_Instructions to follow_
What you return must match the records below exactly, apart from the omitted pictures.

_Given data_
+ + + + +

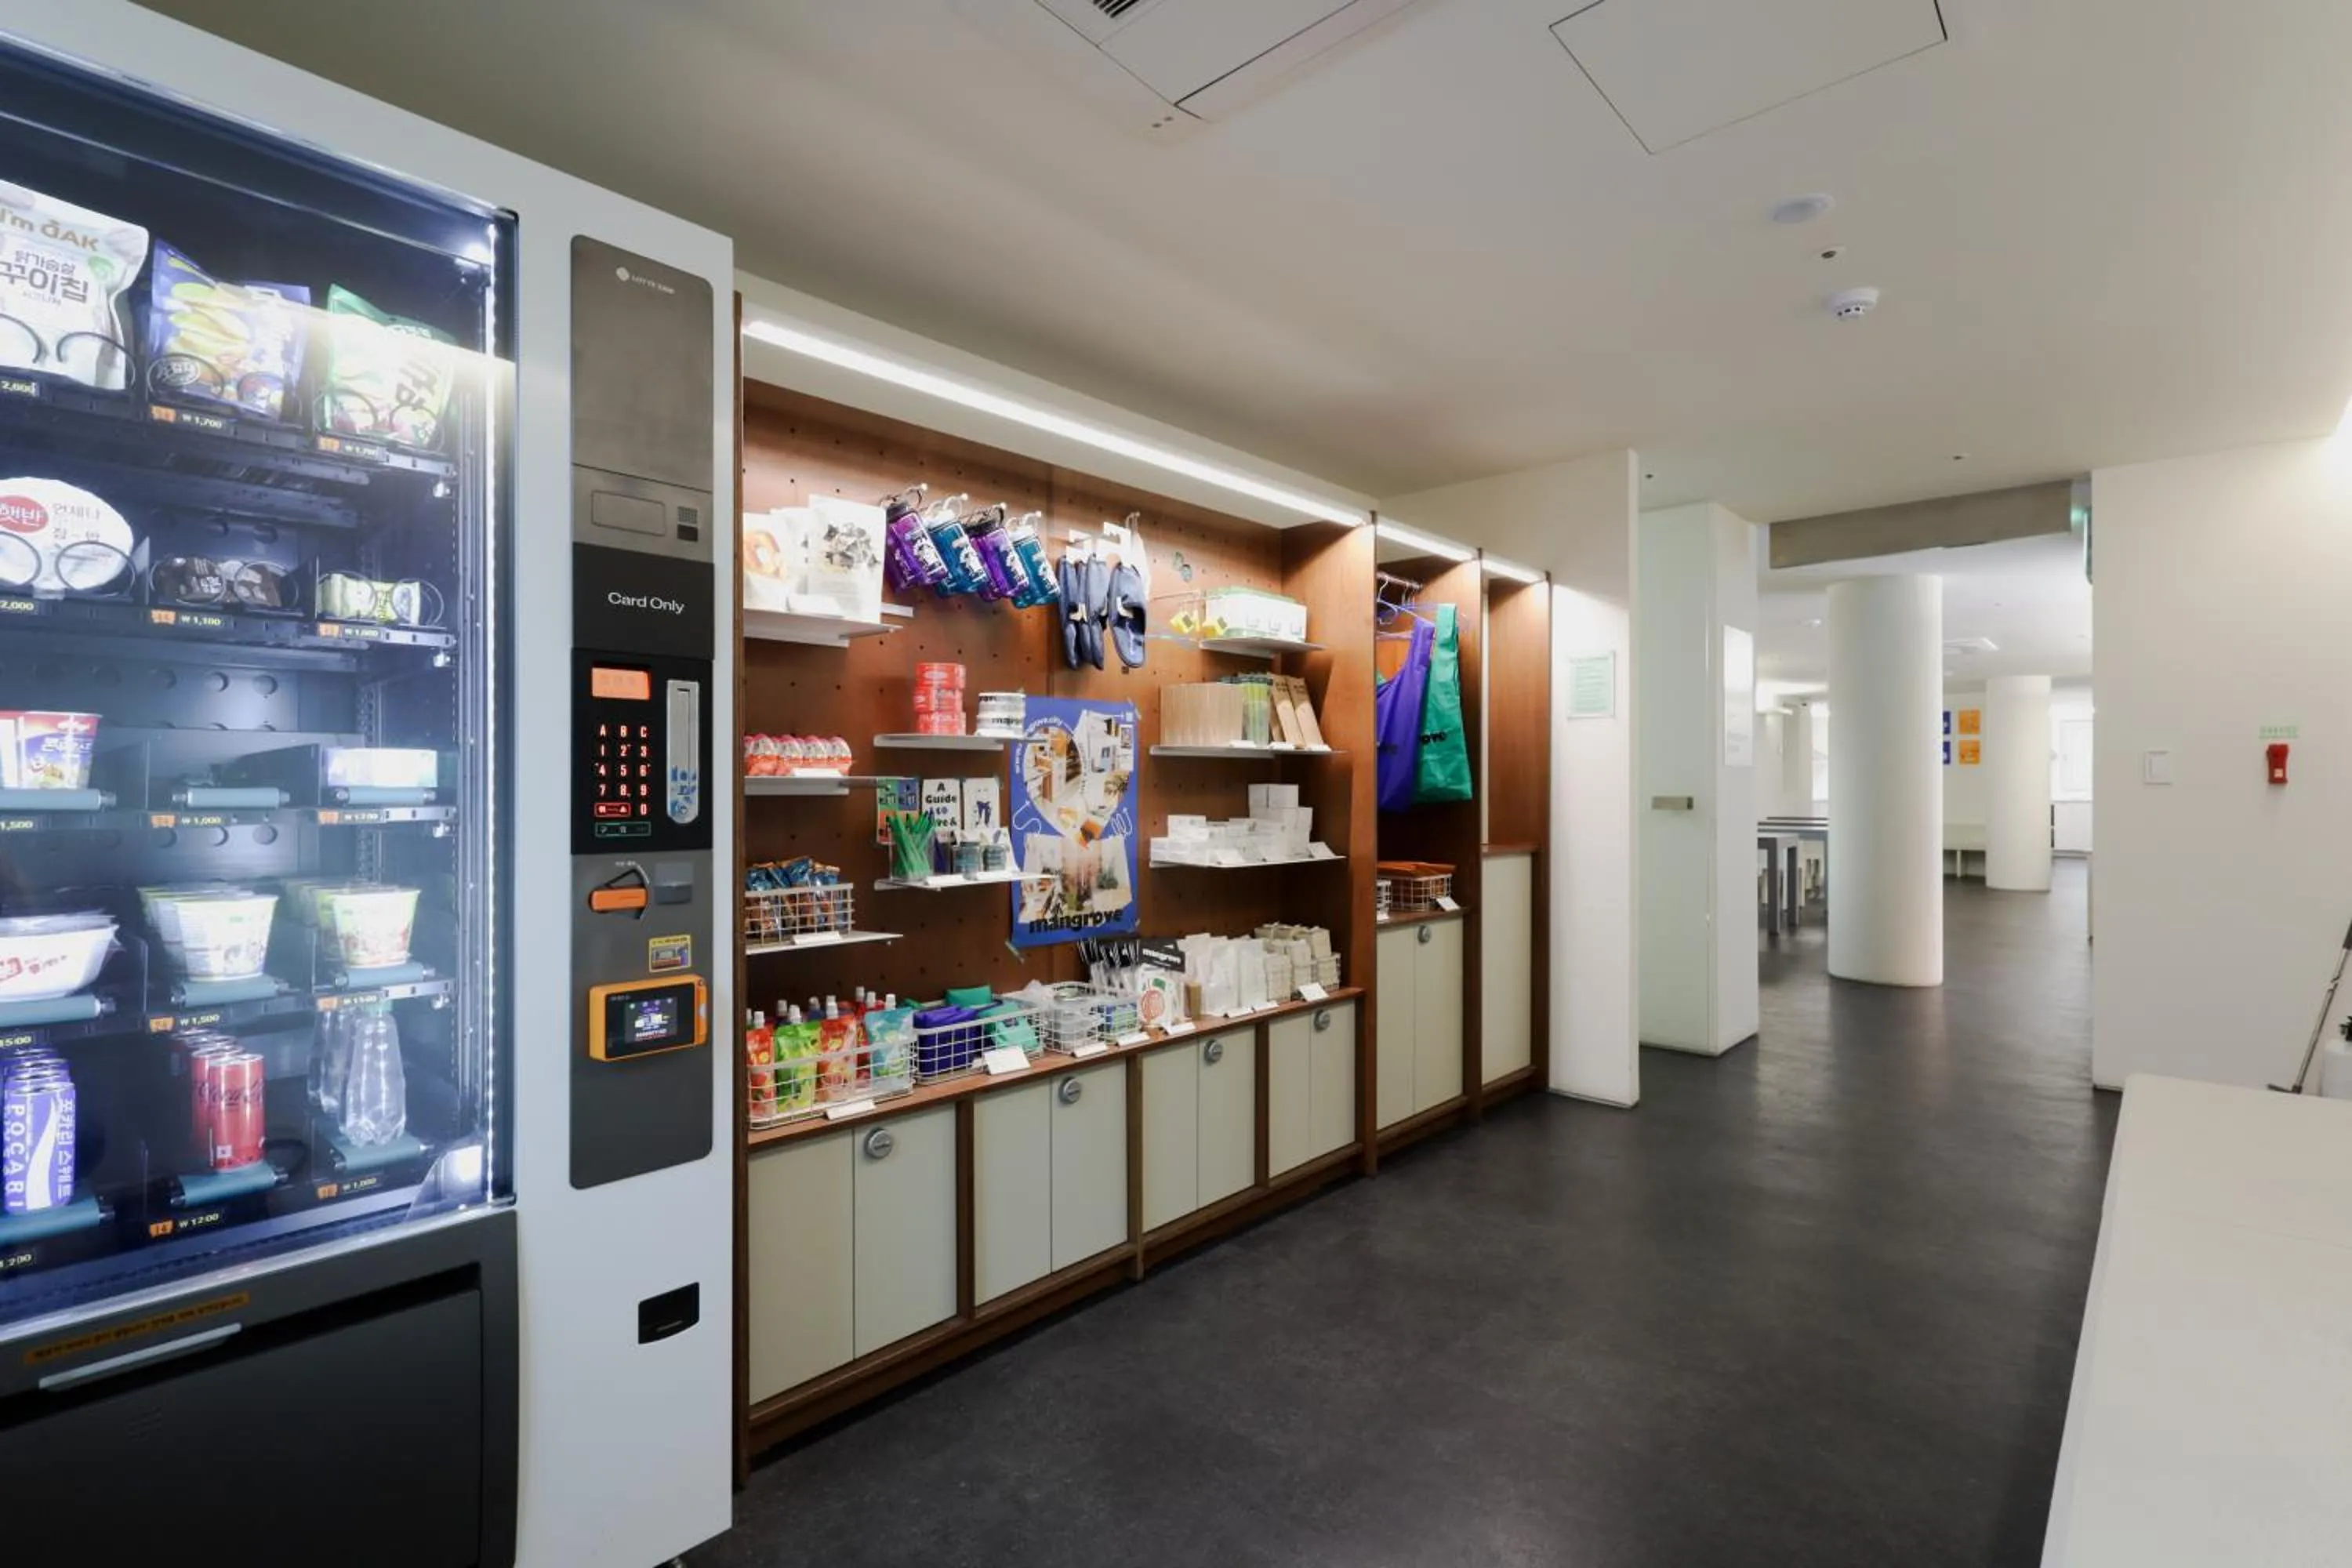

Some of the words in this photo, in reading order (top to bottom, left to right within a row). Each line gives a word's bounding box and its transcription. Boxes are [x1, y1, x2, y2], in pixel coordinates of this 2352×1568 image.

[608, 591, 648, 608] Card
[650, 597, 684, 615] Only
[599, 724, 607, 737] A
[640, 725, 647, 738] C
[620, 746, 627, 757] 2
[640, 746, 647, 757] 3
[598, 764, 606, 775] 4
[620, 764, 626, 776] 5
[639, 764, 646, 777] 6
[599, 784, 606, 797] 7
[620, 785, 627, 796] 8
[640, 785, 647, 797] 9
[937, 782, 946, 792] A
[925, 794, 957, 804] Guide
[640, 804, 647, 815] 0
[1029, 909, 1123, 934] mangrove

+ + + + +

_Written reply_
Some of the words in this photo, in reading order (top to bottom, left to right within a row). Each line gives a word's bounding box and its transcription. Boxes are [x1, y1, x2, y2], in pixel coordinates of this 2352×1568 image.

[608, 591, 648, 608] Card
[650, 597, 684, 615] Only
[599, 724, 607, 737] A
[640, 725, 647, 738] C
[620, 746, 627, 757] 2
[640, 746, 647, 757] 3
[598, 764, 606, 775] 4
[620, 764, 626, 776] 5
[639, 764, 646, 777] 6
[599, 784, 606, 797] 7
[620, 785, 627, 796] 8
[640, 785, 647, 797] 9
[937, 782, 946, 792] A
[925, 794, 957, 804] Guide
[640, 804, 647, 815] 0
[1029, 909, 1123, 934] mangrove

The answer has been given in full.